The Brain that changes itself

Stories of personal triumph from the frontiers of brain science.

Author: Norman Doidge

Over the years I have been interested in the science of brain plasticity and the ability of the human brain, at any age, to learn and grow new neural connections. In this book Norman Doidge explores the scientists and the science of this new movement by learning about the people who have been helped and sharing their stories. This makes the book really easy to read and to connect too, also its not too over your head, Norman is a good science communicator. He works as a psychiatrist, psychoanalyst and researcher so he is used to talking to normal people and helping them understand what is going on in their brains and minds.

We meet many people in this book who have found brain plasticity the break through for learning to help with physical and psychological disabilities. I liked Cheryl  Schlitz, a very motivated woman who feels like she constantly falling. 24/7 she has the feeling that she is falling, this means she cannot stand up, walk, or do anything without this crippling sensation, and she often falls over but the sensation continues. She has a problem with her Vestibular apparatus which is the sensory organ in the brain which helps us to orientate ourselves in the world and give us balance. Feeling like this has had a catastrophic effect on her life and made her feel extremely fatigued and also develop anxiety.

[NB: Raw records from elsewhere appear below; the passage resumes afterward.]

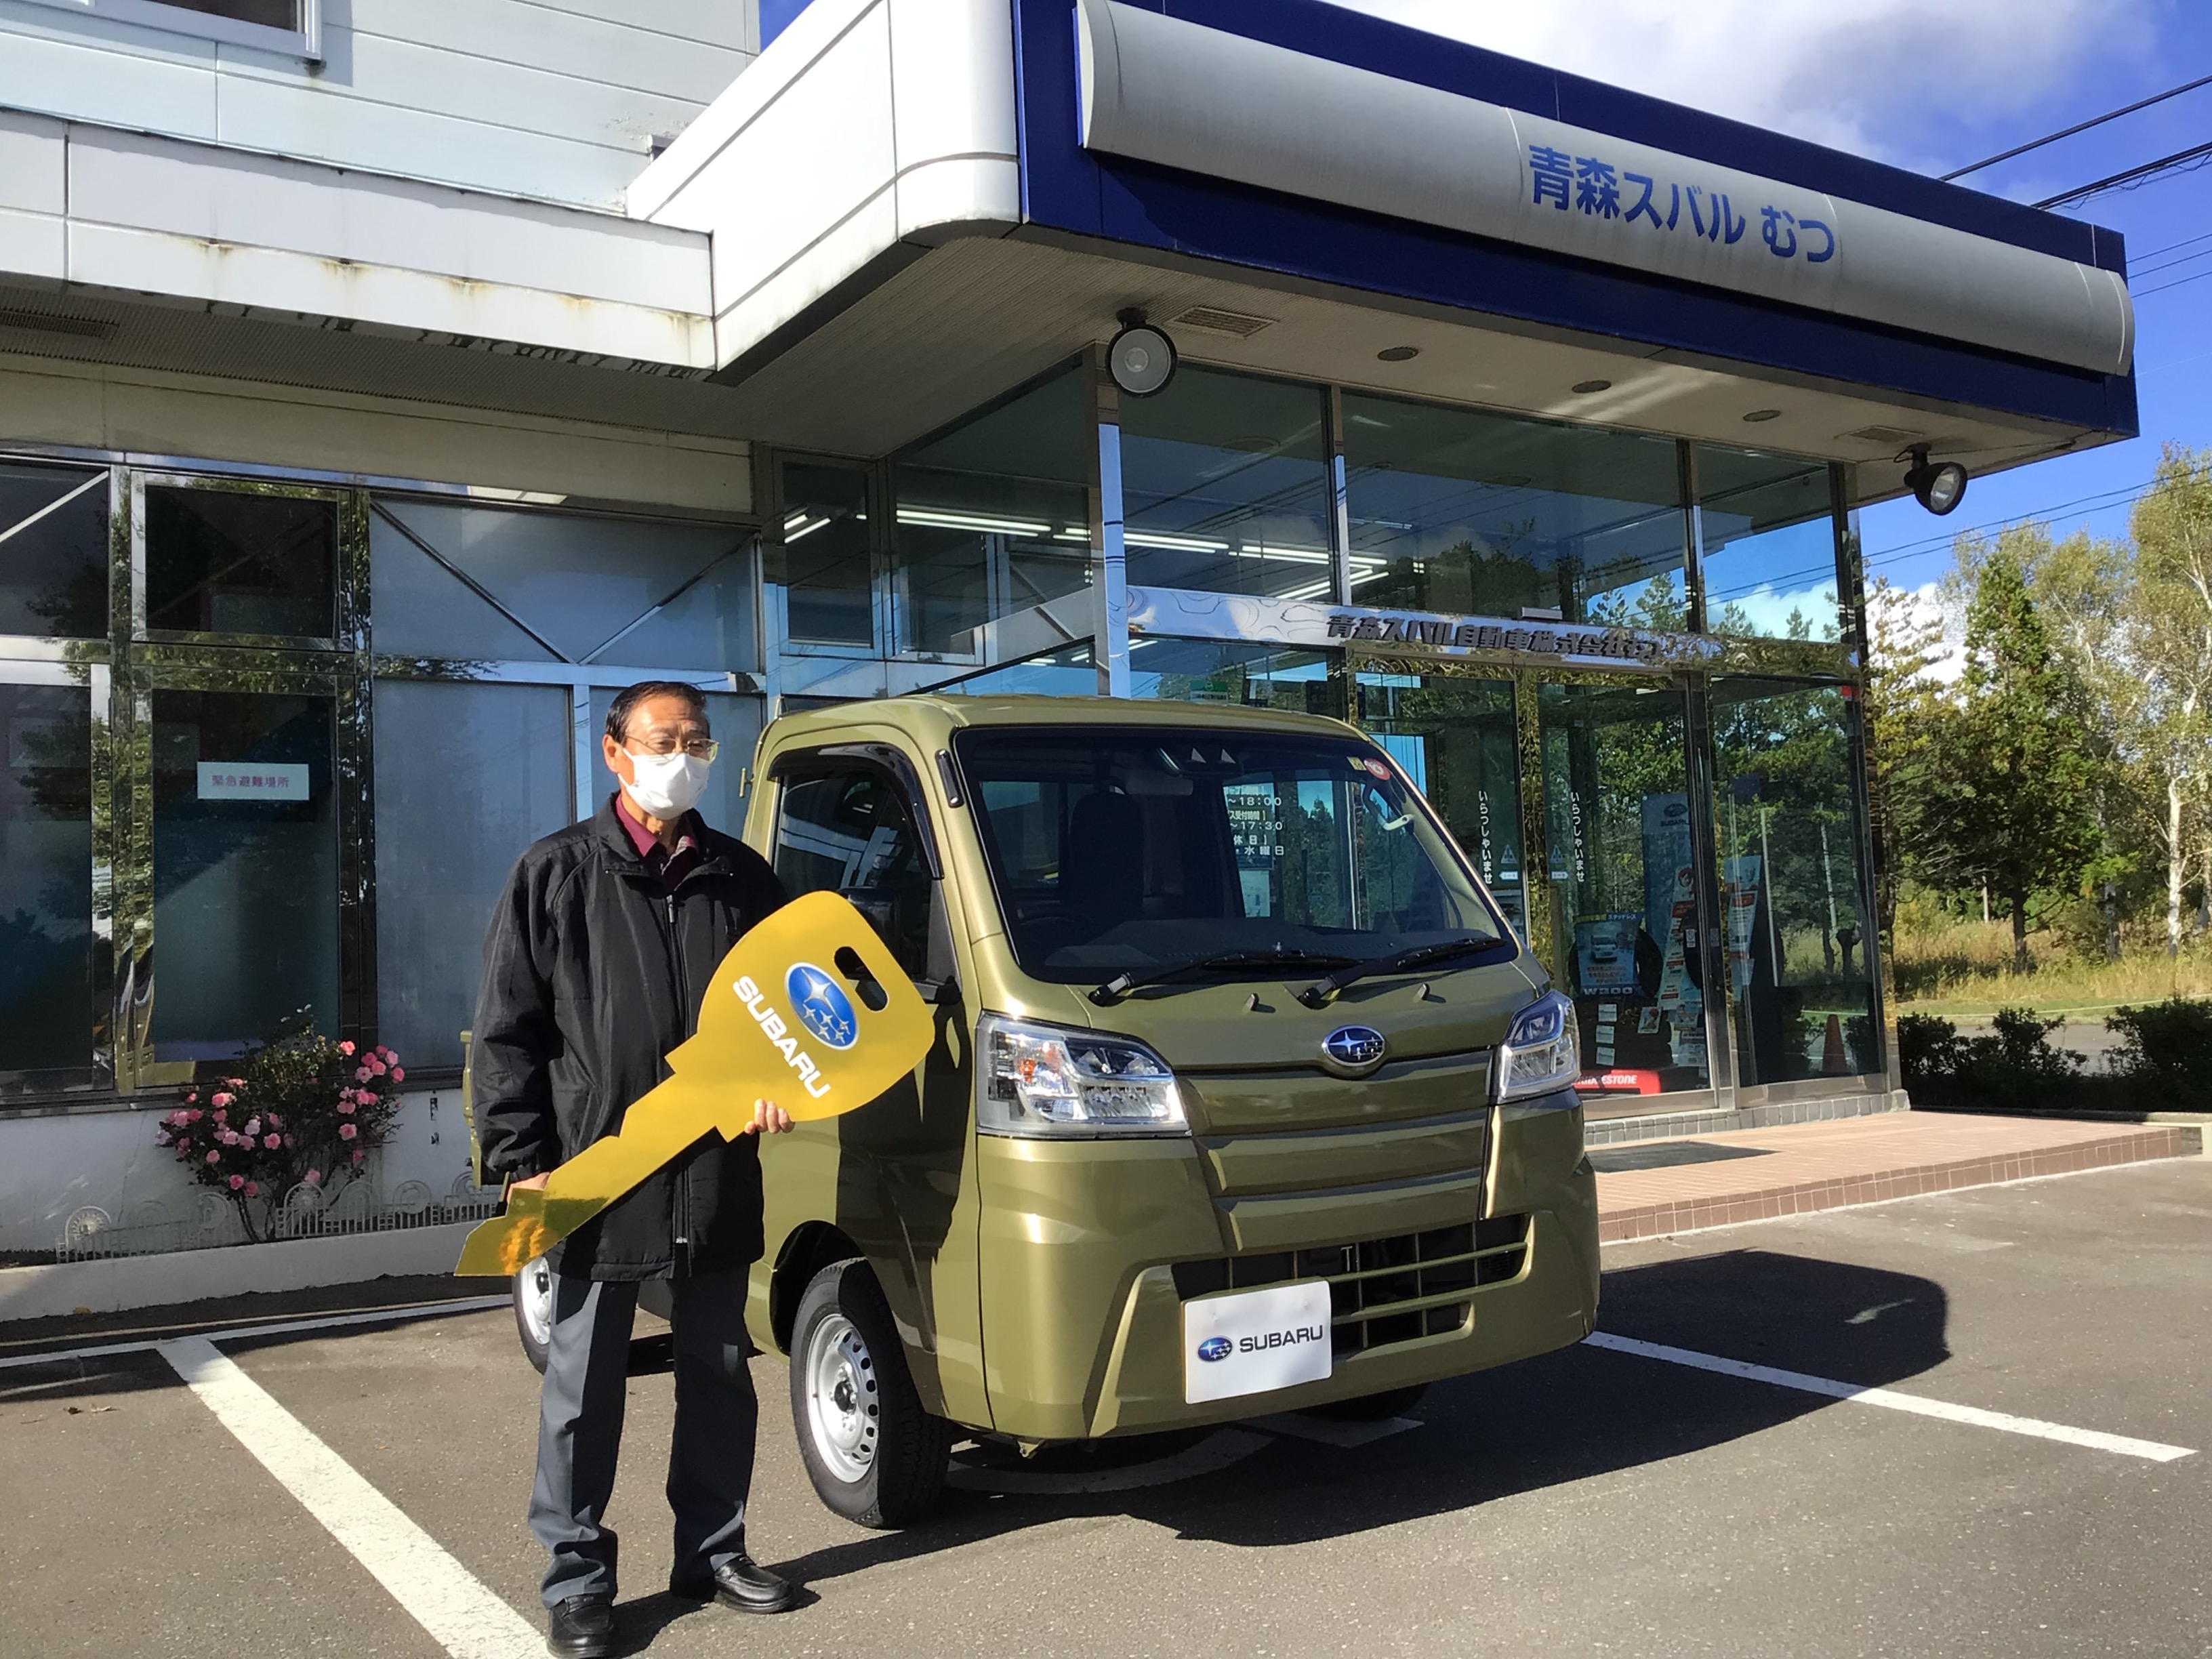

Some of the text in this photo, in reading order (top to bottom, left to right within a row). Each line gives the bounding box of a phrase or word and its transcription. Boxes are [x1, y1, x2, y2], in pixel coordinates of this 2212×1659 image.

[1529, 144, 1835, 263] 青森スバル むつ
[212, 775, 289, 788] 緊急避難場所
[1478, 790, 1493, 884] いらっしゃいませ
[1570, 792, 1585, 882] いらっしゃいませ
[733, 976, 831, 1099] SUBARU
[1240, 1325, 1323, 1353] SUBARU

But with the help of a researcher Bach-y-Rita and his team she has learnt over time with the help of a machine he invented to rewire her brain. They believe that the damaged vestibular system is sending random noisy messages to the brain which is causing her to feel the way she does. The machine helps to reinforce the signals from the healthy parts of her brain and also recruits new neural pathways which over time take on the roles of the damaged areas. This means that over a period of a year Cheryl was able to train her brain so that she no longer feels “wobbly”, she is now able to live without the machine and is much better health wise.

The books goes on to cover children with learning physical and learning disabilities, people with phantom limb syndrome and those with psychological issues, it shows that with time and effort they can learn to rewire neural networks and overcome or manage their disabilities. I find this really helpful as a person living with ME/CFS/FM who has a damaged stress response. Pre-ME/CFS/FM I thrived on stress and really enjoyed living and working in stressful environments and after I found even small amounts of stress would trigger a full-blown fight, flight, or freeze response. Over the years I have learnt that I can overcome this by retraining my brain when it comes to stress. I have made a conscious effort to stop or slow down when I feel stress coming into my body and over time have increased my resilience to stress.

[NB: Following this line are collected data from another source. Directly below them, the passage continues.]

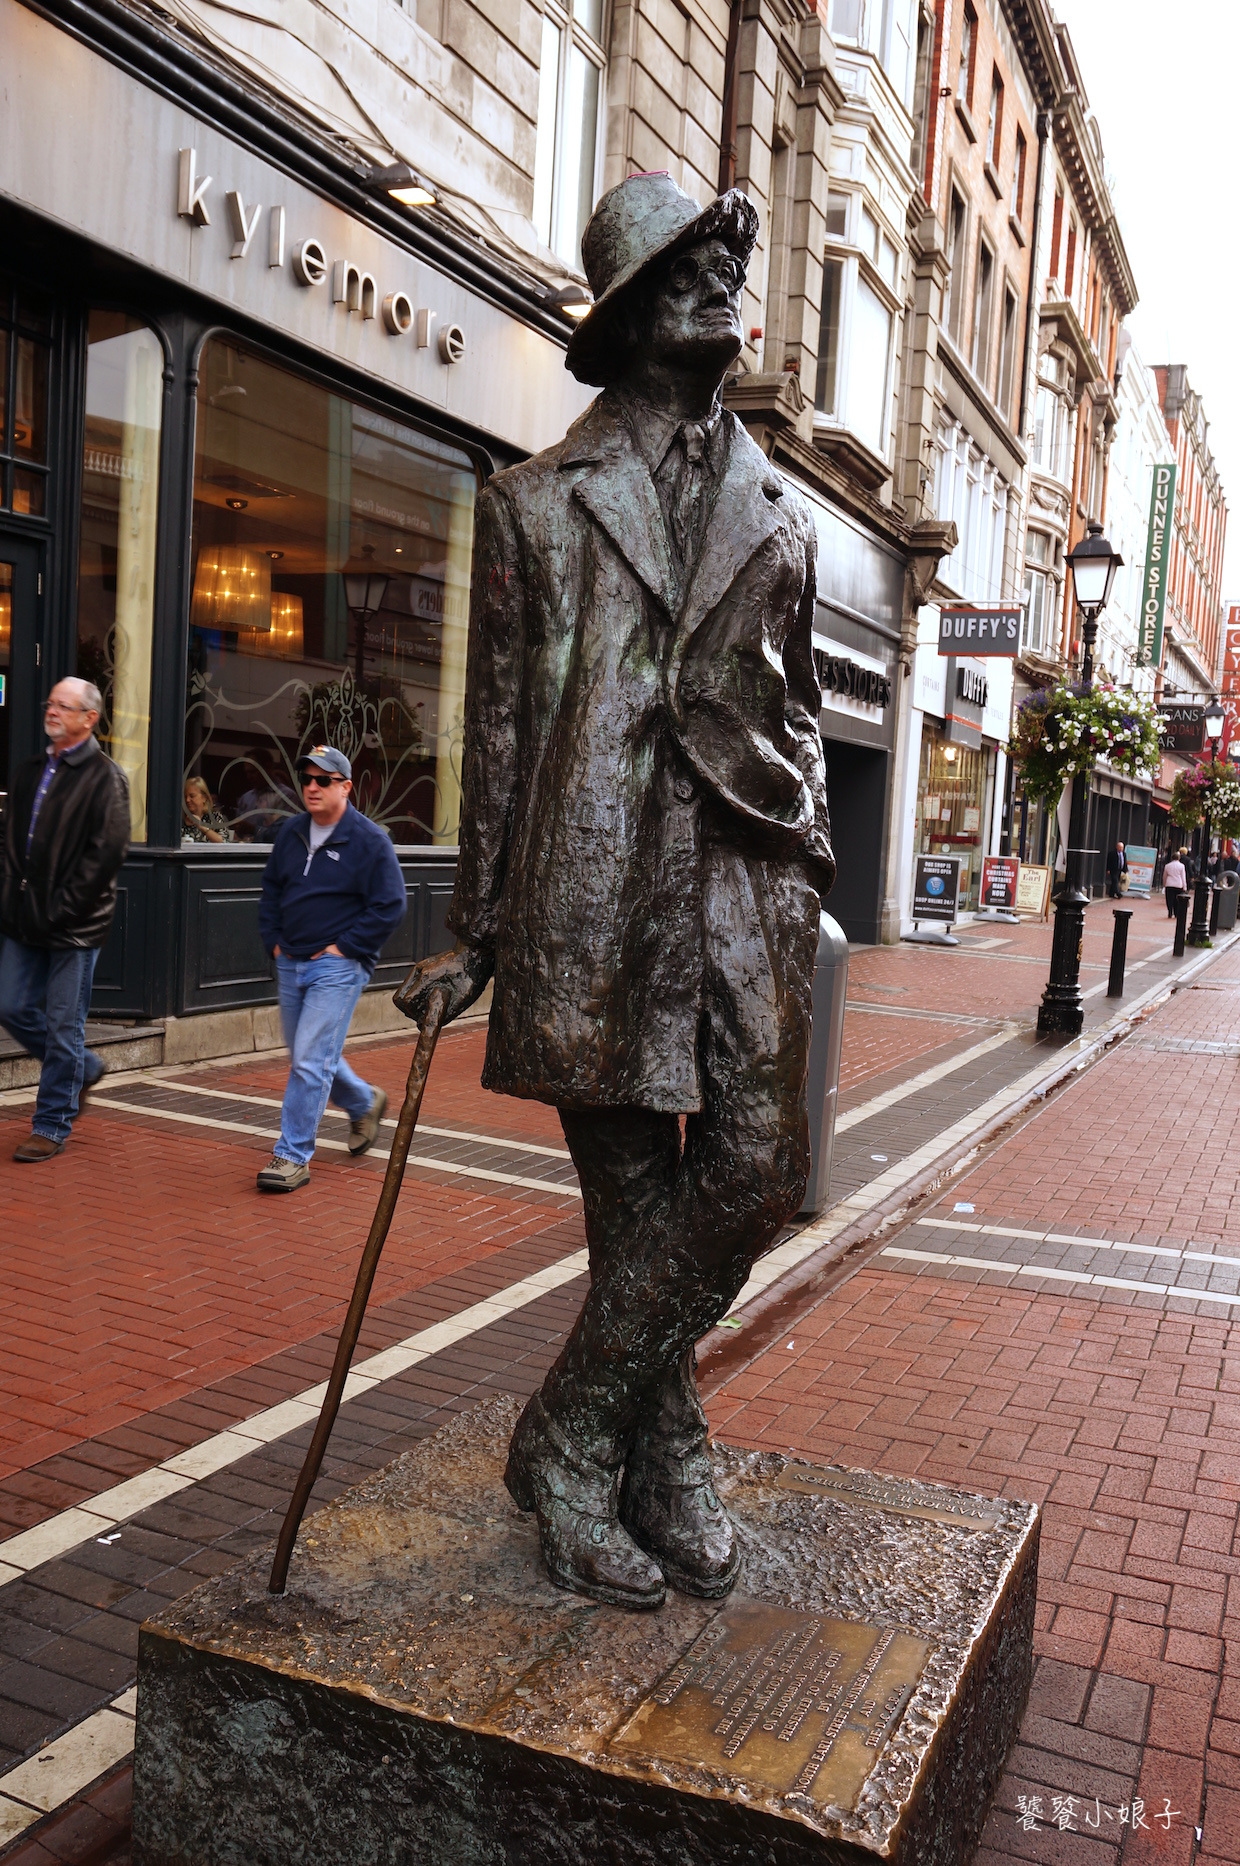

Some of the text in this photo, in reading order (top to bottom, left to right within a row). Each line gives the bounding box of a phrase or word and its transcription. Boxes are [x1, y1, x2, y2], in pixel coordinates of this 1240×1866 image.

[177, 148, 466, 364] kylemore
[1143, 468, 1171, 660] DUNNES STORES
[942, 616, 1017, 639] DUFFY'S
[839, 657, 892, 708] STORES
[986, 869, 1015, 877] CHRISTMAS
[1023, 874, 1041, 882] Earl
[896, 1494, 984, 1519] MARJORIE
[654, 1626, 726, 1704] JAMES JOYCE
[712, 1693, 727, 1706] BY
[722, 1680, 740, 1694] THE
[715, 1718, 733, 1735] THE
[727, 1696, 748, 1718] LORD
[741, 1669, 769, 1697] MAYOR
[762, 1655, 776, 1667] OF
[723, 1711, 760, 1758] ALDERMAN
[753, 1675, 784, 1710] SENATOR
[779, 1654, 799, 1674] SEAN
[762, 1717, 778, 1731] ON
[771, 1672, 808, 1718] BLOOMSDAY
[778, 1651, 842, 1742] PRESENTED TO THE CITY
[793, 1626, 896, 1793] NORTH EARL STREET BUSINESS ASSOCIATION
[818, 1683, 843, 1713] BY THE
[859, 1699, 876, 1718] AND
[865, 1729, 882, 1747] THE

Also, like many with an overactive stress response, I developed anxiety. My brain would rush to patterns of thinking that made me jump to the worst outcome and to low self-esteem. None of this helped me on my recovery as I would often think that it was all my fault, you cannot find home and flexibility when you brain is in the pattern of thinking. Using the practice of meditation, I have re-trained my brain to stop running down those well-worn pathways and have instead created a higher level of self-awareness and self-esteem.

None of this has been easy or fast but it has happened because of books like this and others I the area of brain plasticity, mindfulness, and meditation. I find it fascinating that we can help to grow and improve our brains over time, no matter what. “Neurons that fire together, wire together” this means that the more often we try new physical patterns, the higher chance we have of creating new pathways in our brain. With the research outlined in this book it has been proven that if we lose a physical or mental process we can, with the right training, rewire a new pathway and use another part of the brain or body to perform a task. This opens the door for so much possibility for our ongoing development as humans and lets us know that we have not even scraped the surface to the capacity of the human brain and body.